Mr. Charming and Miss Target

Mr. Charming and Miss Target are sitting together on the grass looking out at the starlit sky. Miss Target is a new Christian and Mr. Charming is an old hand at religion, so they’re not making out; instead they’re getting to know each other in a deep and intimate way through conversation.

They’re holding hands, and Miss Target sits with her head on Mr. Charming’s shoulder. Conversation lags a bit. Mr. Charming introduces a new topic, almost in a whisper.

“So, what are you afraid of?”

“Huh?” Miss Target raises her head. “Why do you want to know?”

“Well,” he replies, gently putting his arm around her, “we’re getting to know each other, you know, in a deep and intimate way through conversation. If you tell me what you’re afraid of, I’ll tell you what I’m afraid of.”

Reassured, Miss Target snuggles back into position on the shoulder. “Well,” she begins, “it’s going to sound sort of stupid, maybe childish.”

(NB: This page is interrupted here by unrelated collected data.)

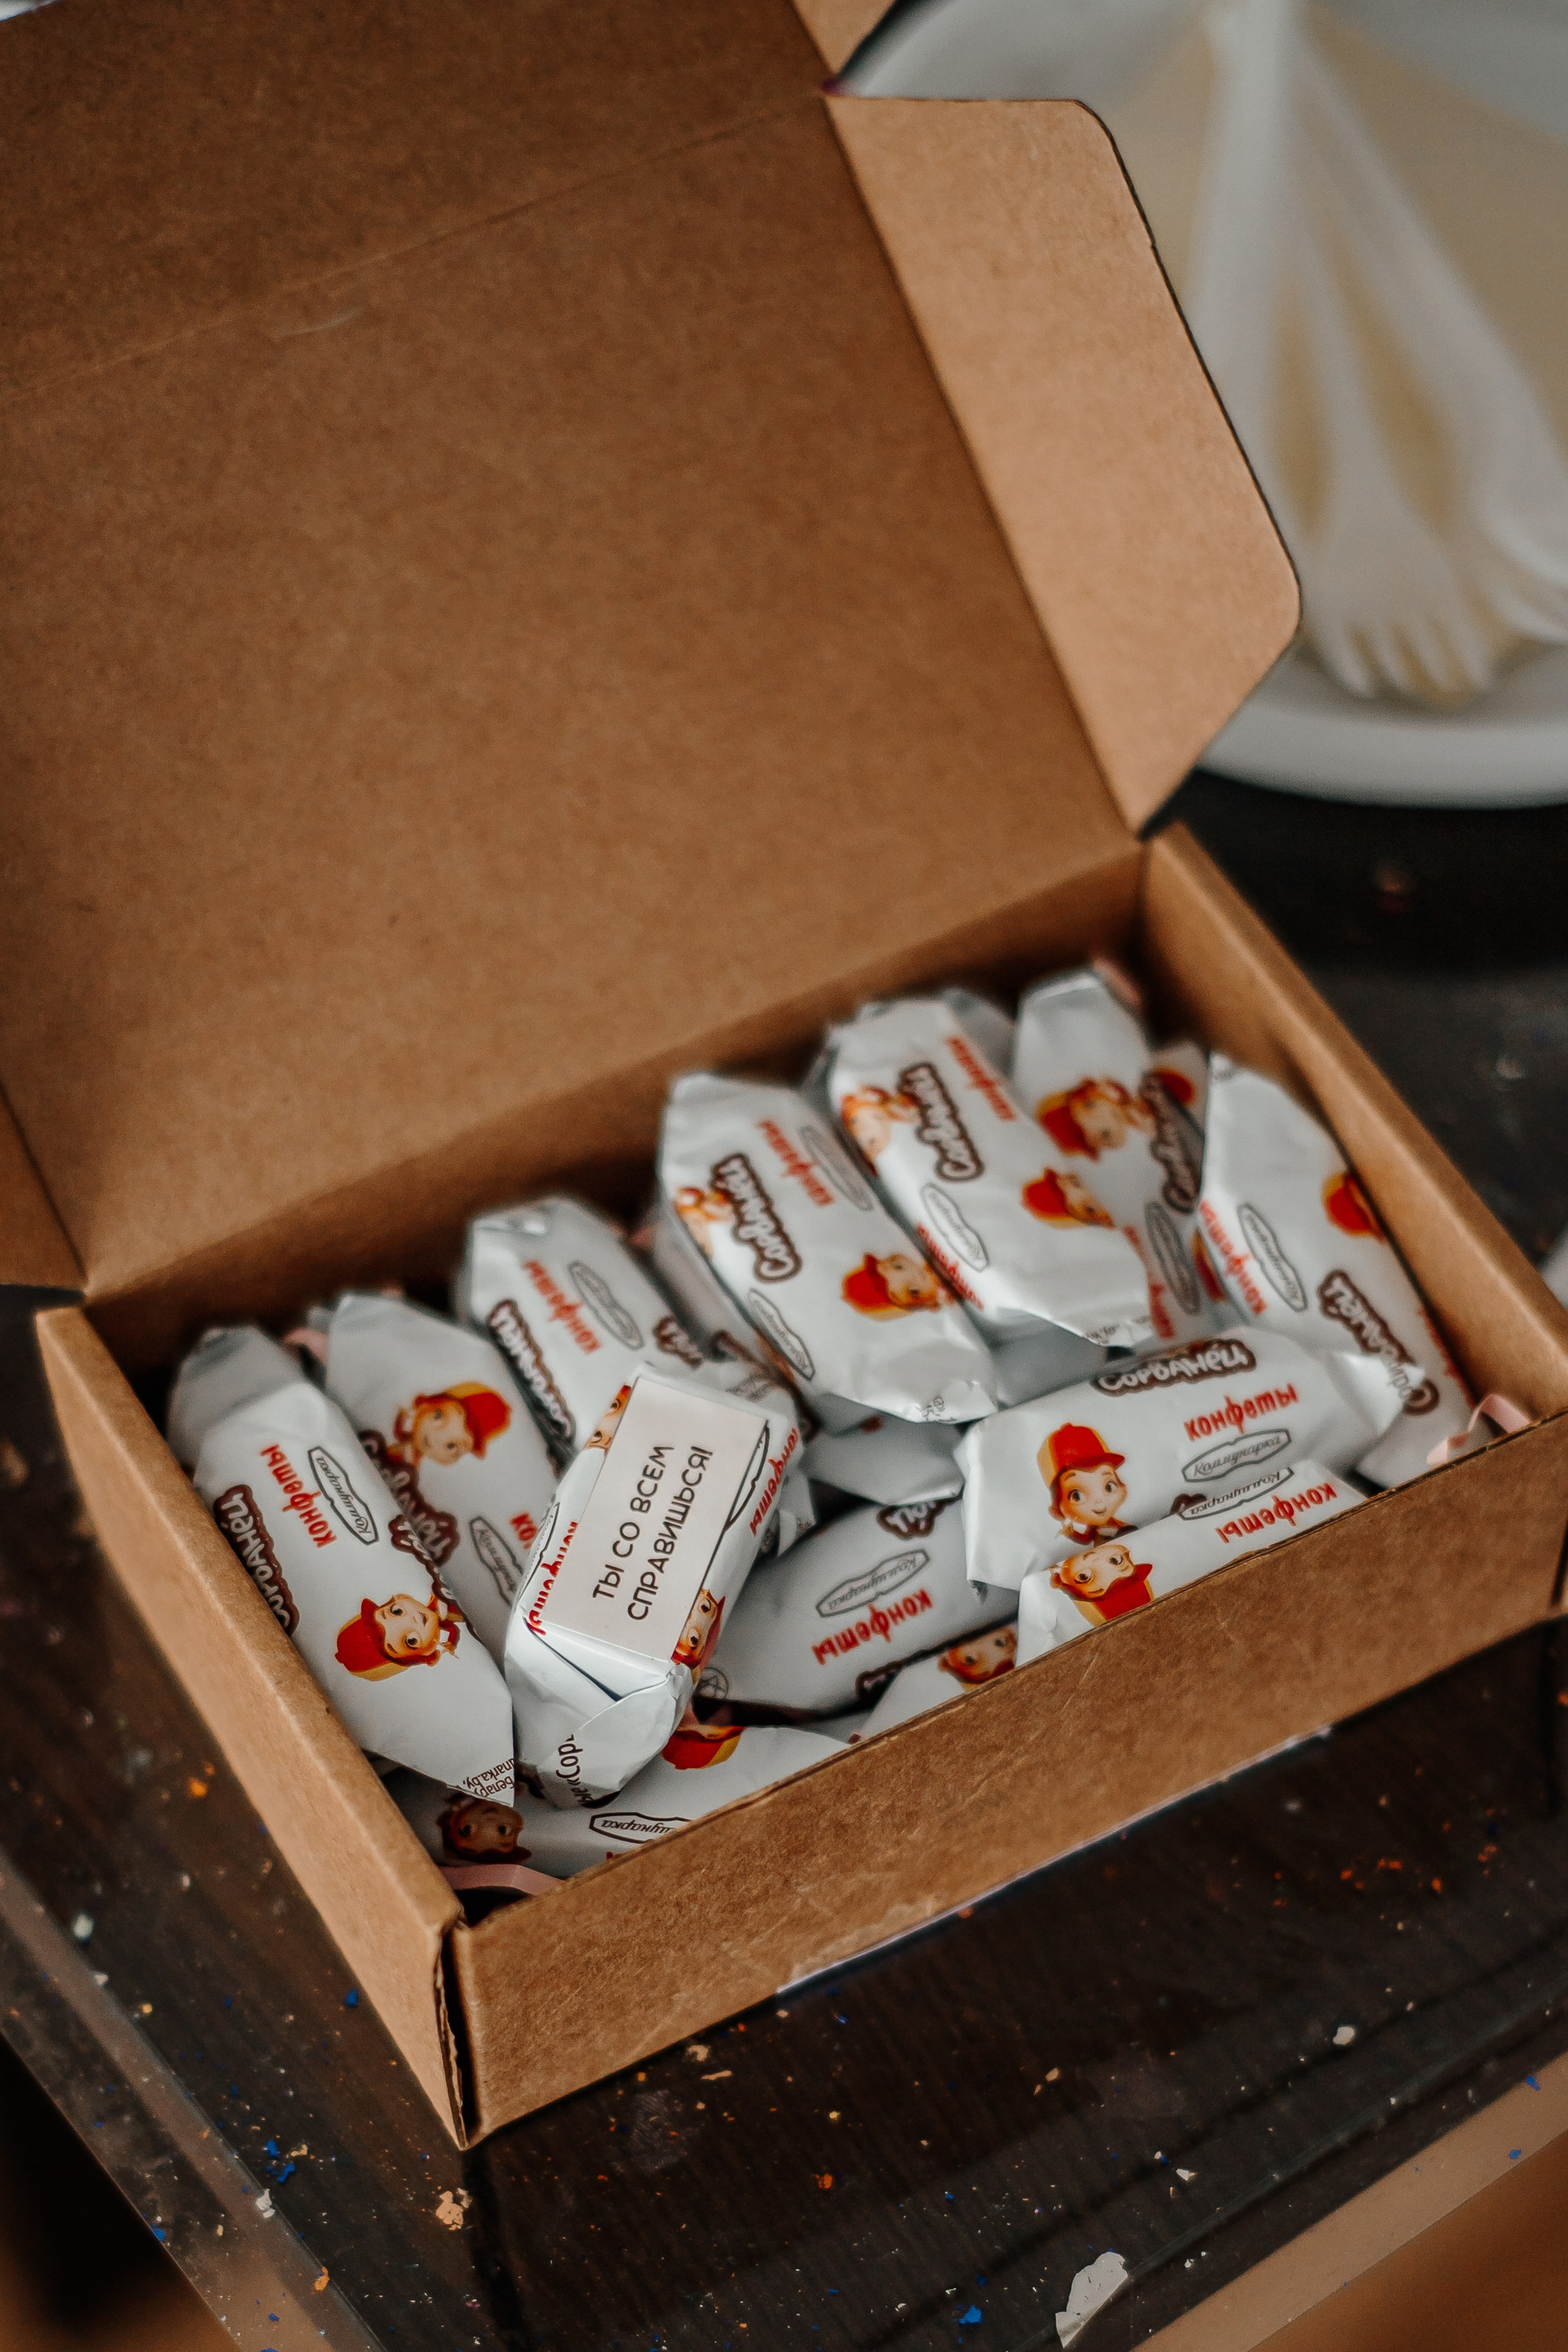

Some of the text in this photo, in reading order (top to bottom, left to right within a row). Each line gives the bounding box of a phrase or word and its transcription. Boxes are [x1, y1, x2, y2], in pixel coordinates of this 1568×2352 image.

[1184, 1382, 1299, 1441] конфеты
[260, 1444, 337, 1548] конфеты
[592, 1446, 674, 1598] ТЫ СО ВСЕМ
[627, 1446, 713, 1620] СПРАВИШЬСЯ!
[1215, 1482, 1337, 1544] конфеты
[812, 1588, 933, 1665] конфеты

“That’s ok.” His head turns so that she can feel his stubble on her forehead, causing a thrill to go up and down her spine. “I won’t laugh at you.”

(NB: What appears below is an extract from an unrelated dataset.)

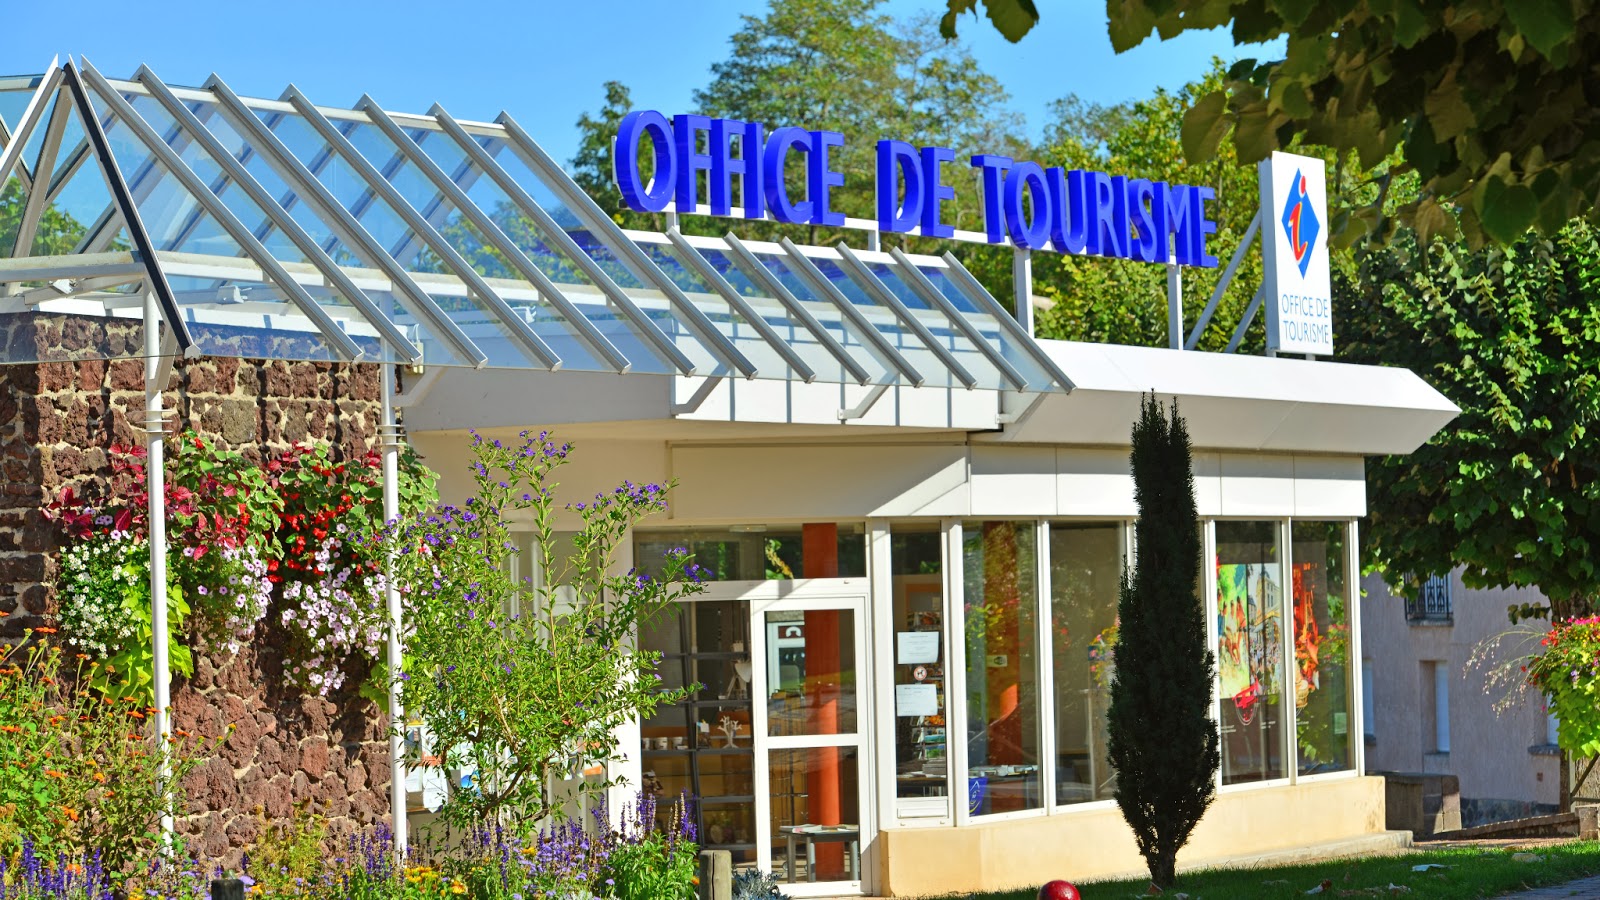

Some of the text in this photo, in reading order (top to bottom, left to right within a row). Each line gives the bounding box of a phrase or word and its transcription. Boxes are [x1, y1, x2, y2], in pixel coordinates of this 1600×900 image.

She hesitates, then begins. “I’m afraid of the dark. I told you it was going to sound stupid. I still need a nightlight.”

He murmurs a gentle sound of encouragement. She continues.

“And spiders. I know some of them are good and help farmers and all that, but all of them give me the creeps, especially the big ones.”

He says nothing, but strokes her hand with his large and gentle one.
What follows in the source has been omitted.